In some embodiments, the gram-positive bacteria are from the Streptococcus genus . Gram-positive bacteria are Streptococcus pneumoniae, Streptococcus pyogenes, Streptococcus sheath ( Streptococcus suis ), Streptococcus agalactiae or Streptococcus viridans .

In some embodiments, the Gram-positive bacteria is Streptococcus pyogenes.

In some embodiments, the gram-positive bacteria are from the genus Staphylococcus. The Gram-positive bacterium may be a Staphylococcus selected from Staphylococcus epidermidis , Staphylococcus aureus , Staphylococcus saprophyticus or Staphylococcus lugdunensis . In some embodiments, the cocci gram-positive bacterium is Staphylococcus aureus (eg, methicillin-resistant Staphylococcus aureus).

The population of Gram-positive bacteria may include antibiotic-resistant Gram-positive bacteria. Gram-positive bacteria may be antibiotic resistant strains. For example, the gram-positive bacteria described herein may be resistant to antibiotics other than halogenated salicylanilides (e.g., the bacteria may be resistant to closantel, lapoxanide, oxyclozanide or niclosamide, or any of these resistance to drugs other than pharmaceutically acceptable salts or solvates).

Gram-positive bacteria may be resistant to a drug selected from fusidic acid, mupyrosin, retapamulin, erythromycin, clindamycin and tetracycline (e.g. tetracycline, minocycline or doxycycline). there is.

Gram-positive bacteria may be resistant to a drug selected from erythromycin, clindamycin or tetracycline (eg tetracycline, minocycline or doxycycline).

Gram-positive bacteria may be resistant to drugs selected from fusidic acid, mupirocin and retapamulin.

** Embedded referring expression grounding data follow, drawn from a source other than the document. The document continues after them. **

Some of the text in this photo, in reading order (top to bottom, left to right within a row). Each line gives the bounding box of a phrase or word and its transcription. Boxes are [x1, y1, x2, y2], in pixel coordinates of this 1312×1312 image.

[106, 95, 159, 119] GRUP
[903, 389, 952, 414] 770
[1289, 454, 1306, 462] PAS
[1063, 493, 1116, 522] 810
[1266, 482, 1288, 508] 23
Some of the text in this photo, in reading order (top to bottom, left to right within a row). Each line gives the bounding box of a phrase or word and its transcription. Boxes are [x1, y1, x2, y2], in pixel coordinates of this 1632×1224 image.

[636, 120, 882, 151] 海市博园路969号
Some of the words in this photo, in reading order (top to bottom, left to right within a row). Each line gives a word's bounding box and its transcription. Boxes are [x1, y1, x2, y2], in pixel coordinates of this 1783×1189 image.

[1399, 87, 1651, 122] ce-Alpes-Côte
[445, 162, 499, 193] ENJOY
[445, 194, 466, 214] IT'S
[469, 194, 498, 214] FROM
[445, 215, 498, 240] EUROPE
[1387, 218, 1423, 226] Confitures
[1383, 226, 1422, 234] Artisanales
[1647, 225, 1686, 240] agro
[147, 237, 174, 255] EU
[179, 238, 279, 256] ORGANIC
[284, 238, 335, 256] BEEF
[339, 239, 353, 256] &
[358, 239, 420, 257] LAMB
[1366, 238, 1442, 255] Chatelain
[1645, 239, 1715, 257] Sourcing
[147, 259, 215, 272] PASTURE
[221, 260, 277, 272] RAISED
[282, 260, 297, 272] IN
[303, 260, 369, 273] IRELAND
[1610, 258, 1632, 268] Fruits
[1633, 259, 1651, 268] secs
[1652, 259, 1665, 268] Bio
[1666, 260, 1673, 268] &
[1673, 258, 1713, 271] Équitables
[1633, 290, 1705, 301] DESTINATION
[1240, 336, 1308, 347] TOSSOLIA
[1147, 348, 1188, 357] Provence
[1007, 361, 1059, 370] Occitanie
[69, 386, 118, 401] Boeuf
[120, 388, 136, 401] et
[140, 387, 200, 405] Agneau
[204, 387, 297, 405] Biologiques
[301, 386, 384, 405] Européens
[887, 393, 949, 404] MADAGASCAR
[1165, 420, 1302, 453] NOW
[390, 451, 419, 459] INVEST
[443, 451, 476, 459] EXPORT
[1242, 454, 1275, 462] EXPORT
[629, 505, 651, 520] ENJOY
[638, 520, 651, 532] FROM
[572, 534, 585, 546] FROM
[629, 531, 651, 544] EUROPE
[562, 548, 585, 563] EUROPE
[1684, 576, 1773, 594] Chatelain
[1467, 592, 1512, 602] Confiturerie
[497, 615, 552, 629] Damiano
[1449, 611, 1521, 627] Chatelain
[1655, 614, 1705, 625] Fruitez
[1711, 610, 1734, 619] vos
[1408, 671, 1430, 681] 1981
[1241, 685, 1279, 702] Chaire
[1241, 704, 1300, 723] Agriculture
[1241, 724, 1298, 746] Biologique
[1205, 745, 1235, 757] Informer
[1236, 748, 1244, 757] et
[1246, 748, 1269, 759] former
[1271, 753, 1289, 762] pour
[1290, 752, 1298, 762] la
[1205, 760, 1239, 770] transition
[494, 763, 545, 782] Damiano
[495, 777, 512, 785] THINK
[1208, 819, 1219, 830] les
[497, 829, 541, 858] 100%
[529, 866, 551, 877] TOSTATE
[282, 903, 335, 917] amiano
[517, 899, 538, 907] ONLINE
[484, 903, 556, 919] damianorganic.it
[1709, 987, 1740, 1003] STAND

The bacteria may be resistant to a drug selected from fusidic acid, mupirocin, retapamulin, erythromycin and clindamycin.

The formulations of the present invention may be for use in decolonisation of a subject carrying a gram-positive bacterium (including any gram-positive bacterium described herein, eg, MRSA). Such decolonization can be effective in preventing or reducing the spread of infection to other subjects, particularly in hospital settings. Decolonization can also prevent or reduce the risk of infection of a surgical site or medical device site such as a catheter, IV line or cannula due to a surgical or medical procedure performed on a patient. Accordingly, a formulation of the present invention may be for use in decolonization of a subject prior to performing a surgical procedure on the subject, wherein the formulation is topically applied to the subject. Such surgical procedures include, for example, elective surgical procedures such as hip or knee replacement. In one embodiment, the composition of the present invention may be for use in decolonization of a subject prior to dialysis. Decolonization prior to dialysis may prevent or reduce the risk of infections associated with dialysis, such as vascular line infections or catheter-associated blood stream infections (CRBSI) infections. Decolonization can be achieved by topically administering a gel composition comprising a halogenated salicylanilide to an area of a subject colonized by Gram-positive bacteria. It is known that a common site for bacteria such as MRSA is the nose. Thus, the formulations of the present invention can be applied topically to the nose. In particular, the formulation of the present invention can be applied to the anterior part of the nostril (the inner surface of the nostril).

fungal infection

In certain embodiments, formulations of the invention are for use in the treatment of pulmonary fungal infections. Suitably in this embodiment, the formulation of the invention is administered by inhalation.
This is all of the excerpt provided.